If they had been the Jovibarba spp, they would have had greenish white or yellow flowers. It was a couple years before the two small plantings had spread up & down a miniature rockery, reaching out to one another blending into a single continuous spread. And that whole while they had very much the look of Jovibarbas, so I never doubted they were what they were labeled as being, until they bloomed two years later & had the rose-pink flowers of Sempervivum tectorum, as shown in a June portrait below.
Jovibarba & Sempervivum are so similar in appearance, & each has such variation even within a single species of each genus, that it is understandable that even a specialty nursery might become confused. To be sure, at first glance, the leaves of these pale green forms more resembled Jovibarba hybrids than Sempervivum. Jovibarba has a greater tendency toward the pale green coloration, while Semps more often have at least reddish hues. Jovi more often has the delicate elongated petals, Semp is more often fat-leafed. So to great extent, the mislabeling is understandable. But when they bloom, there is no longer any leeway for confusion.
As a garden escapee, this native of the French & Italian Alps naturalized in many temperate regions around the globe, including in Canada & New England. Although temeprate zones suit it best, as a garden plant it thrives in most zones, from subalpine or subarctic to nearly desert conditions.
It prefers bright shade & in warmer zones needs considerable protection from too direct a sunlight. Even in our moderate temperate area, the palest green varieties such as this one are easily damaged by too much sun. It can tolerate droughtiness but prefers soil that does not completely dry out too often.
Poor drainage or overwatering will kill it, though not much else will. Before these were put together in the miniature rockery, they were planted in dark wet areas where they were slowly wasting away, but when I got them to dappled shade & more importantly to a swift-draining soil, they began spreading delightuflly.

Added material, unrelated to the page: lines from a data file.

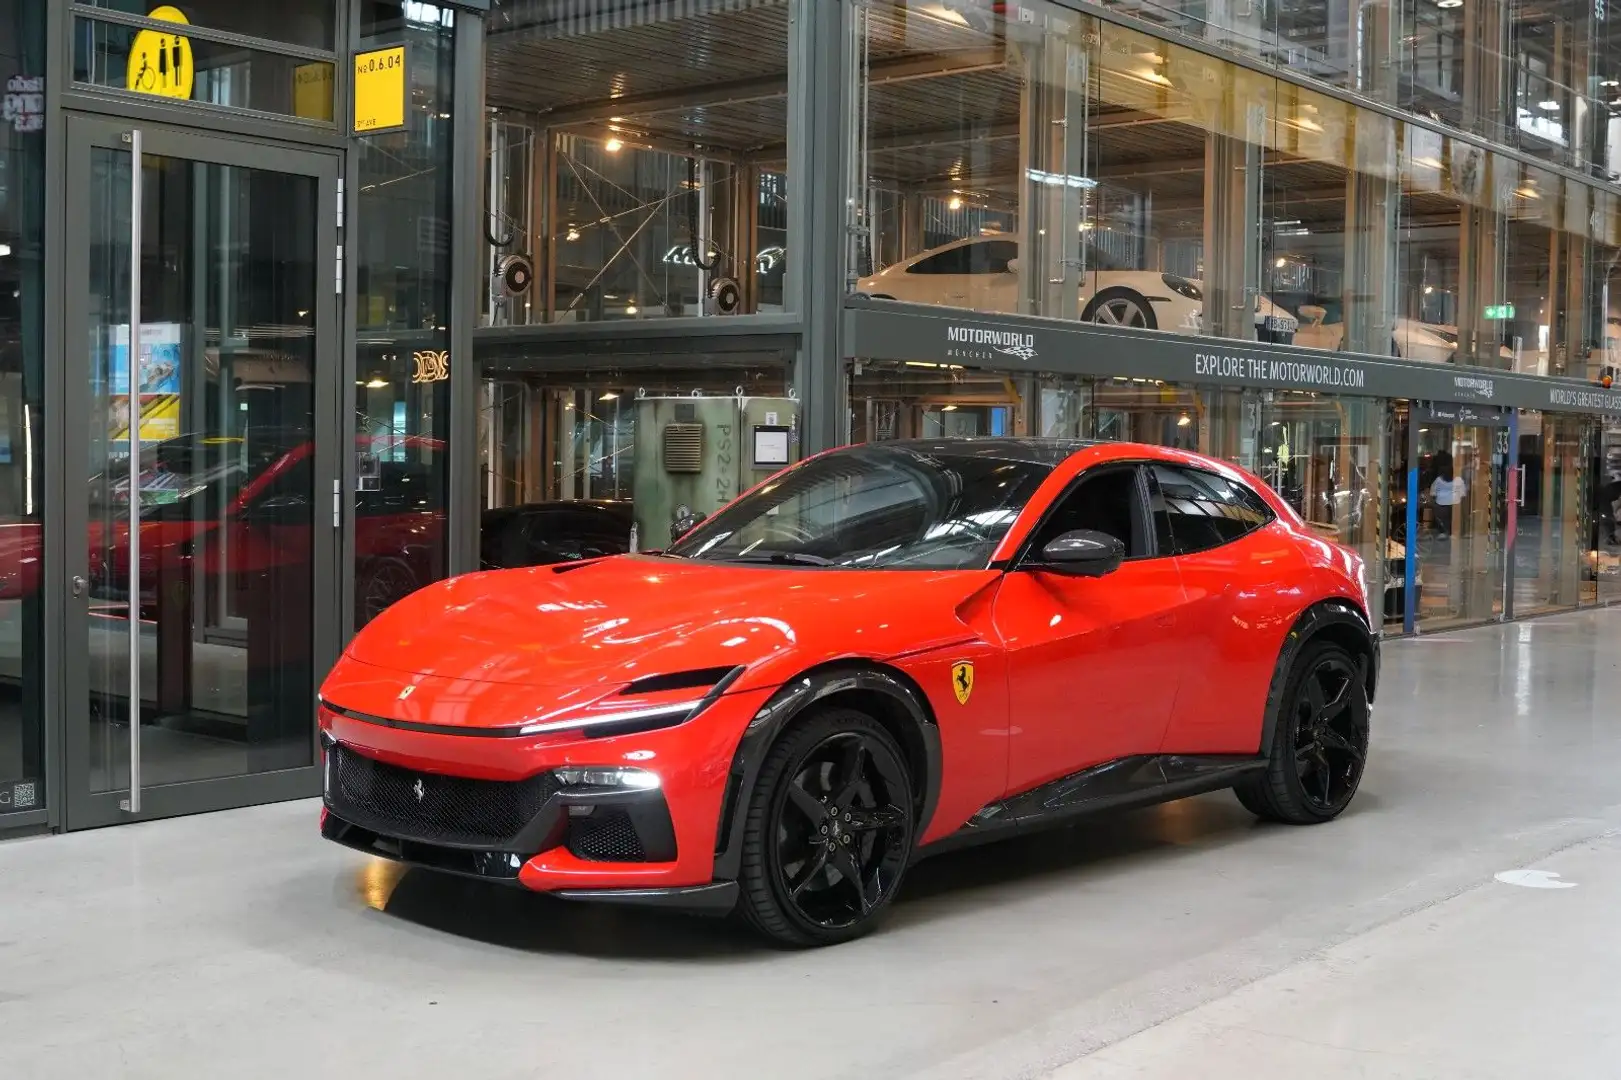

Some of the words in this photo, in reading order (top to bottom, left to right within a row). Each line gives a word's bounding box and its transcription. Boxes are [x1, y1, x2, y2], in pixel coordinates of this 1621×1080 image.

[369, 54, 401, 72] 0.6.04
[947, 326, 1034, 348] MOTORWORLD
[1195, 353, 1245, 378] EXPLORE
[1247, 358, 1267, 379] THE
[1269, 360, 1364, 388] MOTORWORLD.COM
[1454, 376, 1494, 390] MOTORWORLD
[1549, 388, 1577, 406] WORLD'S
[1577, 391, 1604, 409] GREATEST

Houseleeks are frequently called "Hen & Chicks" because there will be a number of smaller rosettes developing around a mature rosette. With this particularly pale green houselee, however, the rosettes tend swiftly to become all the same size, about two inches each. The lack of "chicks" causes me to prefer, for this variety, the primary name Houseleek, or else Jupiter's Beard.
Both Sempervivum spp & Jovibarba spp are commonly called Jupiter's Beard, Jove's Beard, Thor's Beard, Donarsbart or Dondarsbaart. Among Germanic people, houseleeks were sacred to the god Thor, or the earlier divinity Donar who was absorbed into Thor's cult. The conquering Romans identified this god with Jupiter. Hence the names alluding to the beard of the Great God. These succulents have also been called Jupiter's Eye; or, because Jupiter can take the form of a bull, Bullock's Eye, after the round shape of the rosettes. The folk-name Devil's Beard is a Christian recasting of the pagan god.
The "beard" was perceived in the flowers, the thick stem providing foremost a phallic impression, & while only buds on an upright rod, very much reminiscent of the artificial beard worn by pharaohs as proof of sovereignty. Jupiter or Thor presumedly had just such a beard, as also the Egyptian Ammon-Ra. The round rosette of leaves was furthermore a reflection of the Sun-disc of Ammon, whom the Romans identified with Jupiter.
Antiquated names for houseleeks include "Aaron's Rod" referring to the magical phalicism of the thick-stemmed flowers, & "Semen of Ammon" because they were thought to have erupted from the spilled seed of the oracular Sun-god of Thebes & Egypt, just as clovers were the Semen of Ares, hellebores the Semen of Helios, & so on. The plant was further associated with the forbidden divinity Milcom, a biblical God of Fire worshipped by the Children of Ammon. Houseleeks were thus born of "Fire" both of the sun, & of lightning, & had power over fire.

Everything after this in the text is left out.